Stephanie Friedman and Hannah Cranton play two friends who want to get rich and well known without talent or skills.
(Danielle Fauteux Jacques)
Fame in the age of reality TV
Gionfriddo’s dark comedy ‘U.S. Drag’ tackles style as substance
Stephanie Friedman and Hannah Cranton play two friends who want to get rich and well known without talent or skills.
(Danielle Fauteux Jacques)
CHELSEA — Two Vassar grads are ready to make it in the big city. Are they looking for love, success, fulfillment?
“Money,’’ says Angela (Hannah Cranton) to her friend Allison (Stephanie Friedman). “We need money.’’
Playwright Gina Gionfriddo, whose “Becky Shaw’’ and “After Ashley’’ both had recent Boston productions, takes a cliché and almost succeeds in shattering it with her smart and funny “U.S. Drag.’’ In the Apollinaire Theatre Company’s current production, this dark comedy is delivered with an unaffected sincerity that keeps the audience engaged even after Gionfriddo’s script starts to fall apart.

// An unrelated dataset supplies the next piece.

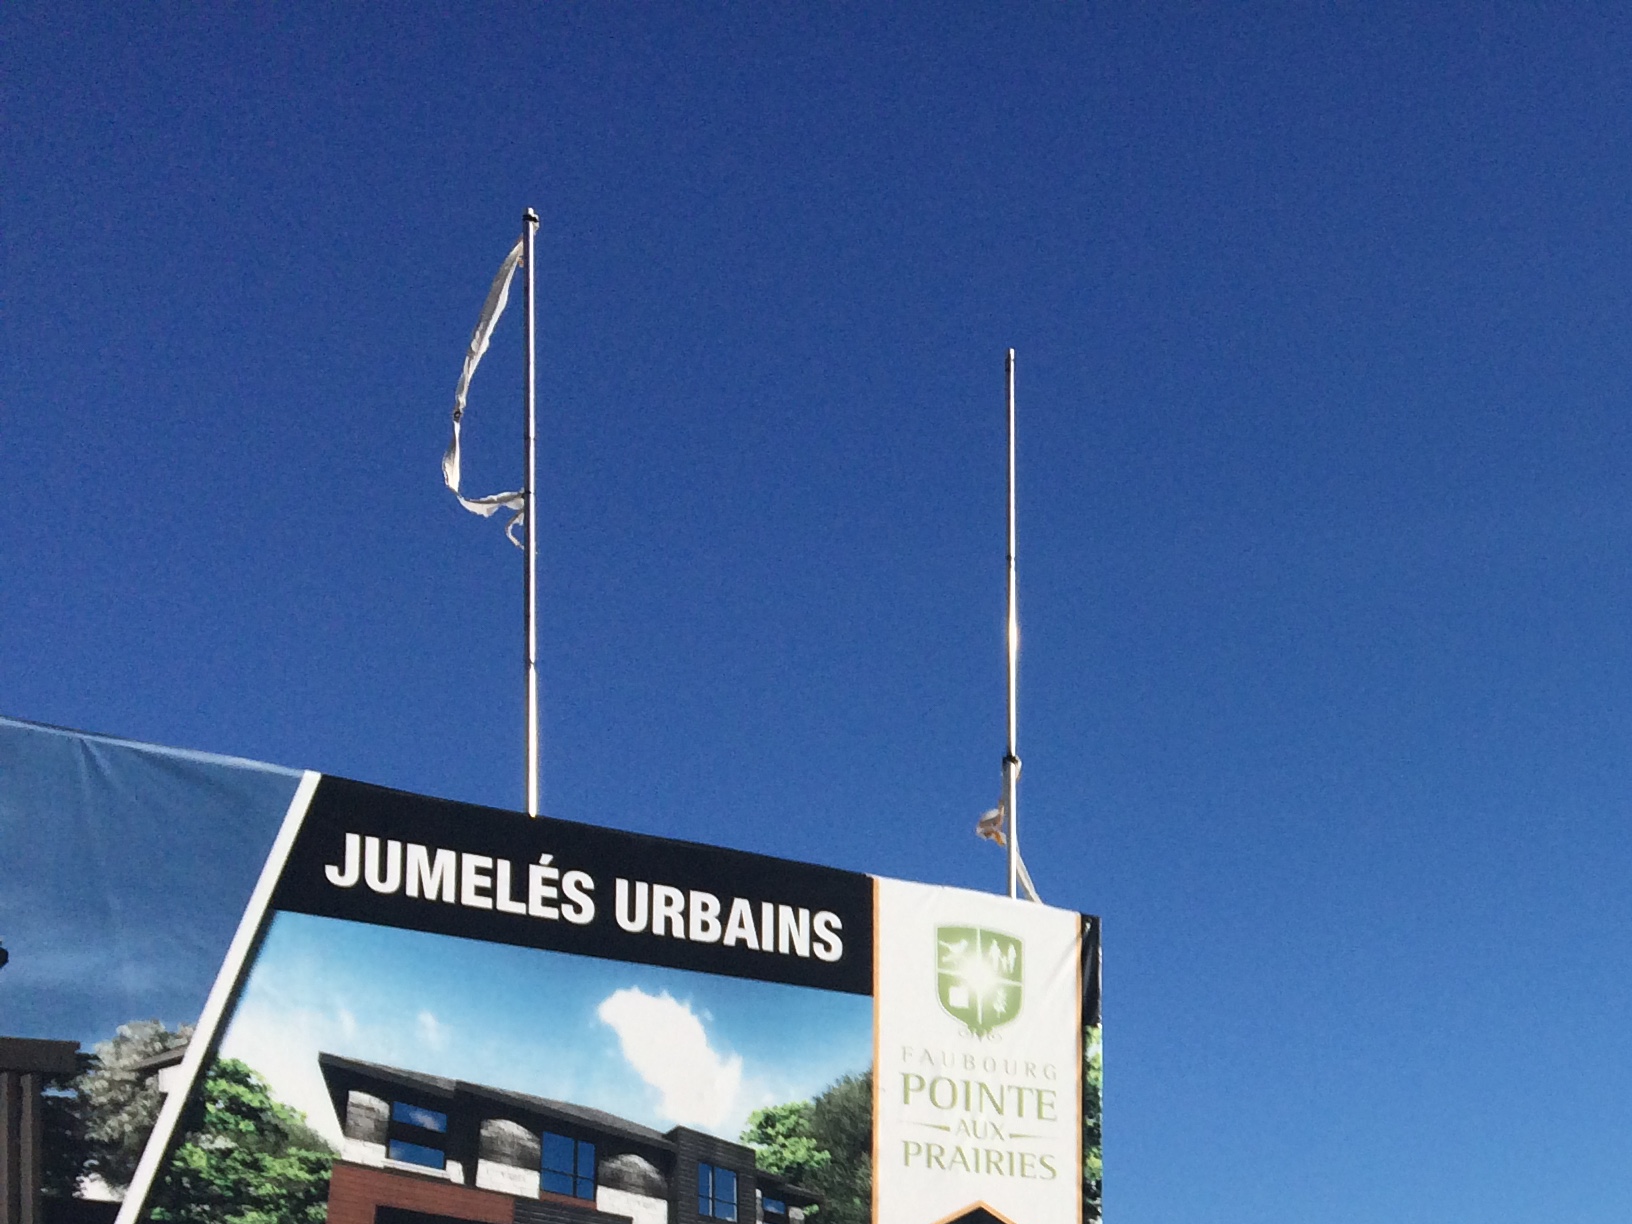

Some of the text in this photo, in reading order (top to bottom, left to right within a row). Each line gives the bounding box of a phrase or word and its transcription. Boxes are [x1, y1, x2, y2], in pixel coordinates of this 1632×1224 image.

The title “U.S. Drag’’ refers to William Burroughs’s description of emotional malaise in “Naked Lunch,’’ and the play’s theme suggests a measure of Burroughs’s cynical search for self-knowledge. Confronted by dead-end jobs beneath Angela and Allison’s expectations, but worried they have no talent or skill set, the duo long to “do nothing, get money, and have people know who I am.’’ Together and separately, the pair try different strategies to achieve their goal: they make half-hearted attempts to hunt for a serial mugger named Ed so they can collect a $100,000 reward; Angela comforts a successful, self-absorbed author in exchange for cash; and Allison toys with being “a graceful runner-up,’’ attempting to play a Stepford wife to marry a wealthy do-gooder named James (Vladimir Noel).
Angela and Allison’s efforts to achieve their goal involve a series of interactions with men, including a roommate named Ned (Dain Geist) who rents to them with the understanding that they will host parties so he can meet women; Evan (a wonderful Gideon Bautista), a man who describes himself as a helper and spouts therapy-speak while leading a “community impact movement’’ called SAFE, which stands for Stay Away From Ed, and prints up posters that read “A Good Samaritan is a Dead Samaritan’’; Christopher (Sathya Sridharan), the writer who found fame by writing “creative nonfiction,’’ which reimagined his uneventful, privileged childhood as one marked by parental abuse; and James, the oh-so-earnest volunteer victim advocate.
Gionfriddo has a wonderful ear for dialogue, especially fast-paced comic banter, but as soon as she starts heading toward some truth that might give these characters a little complexity, she retreats to the safety of slick and superficial. By the time Angela is attacked by the mysterious Ed, and writes her own bestseller, a bit of creative nonfiction called “Cut Flower,’’ her plotline has become disjointed. Are we supposed to care about Angela and Allison’s quest for low-cost fame or question their inability to create meaningful relationships with men?
Director Danielle Fauteux Jacques understands the play’s veneer is paper thin and keeps the atmosphere light and the pace swift. She is also careful to keep her ensemble evenly balanced so that all of her actors deliver strong performances.
Too bad Gionfriddo doesn’t give Fauteux Jacques more to work with. In one scene, Allison has finally had enough of all the phony behavior, and says relationships are built on slowly getting somewhere between the “shine’’ on the surface and the “muck’’ below. That’s a journey that could lead Gionfriddo into more dangerous, but much more rewarding, material.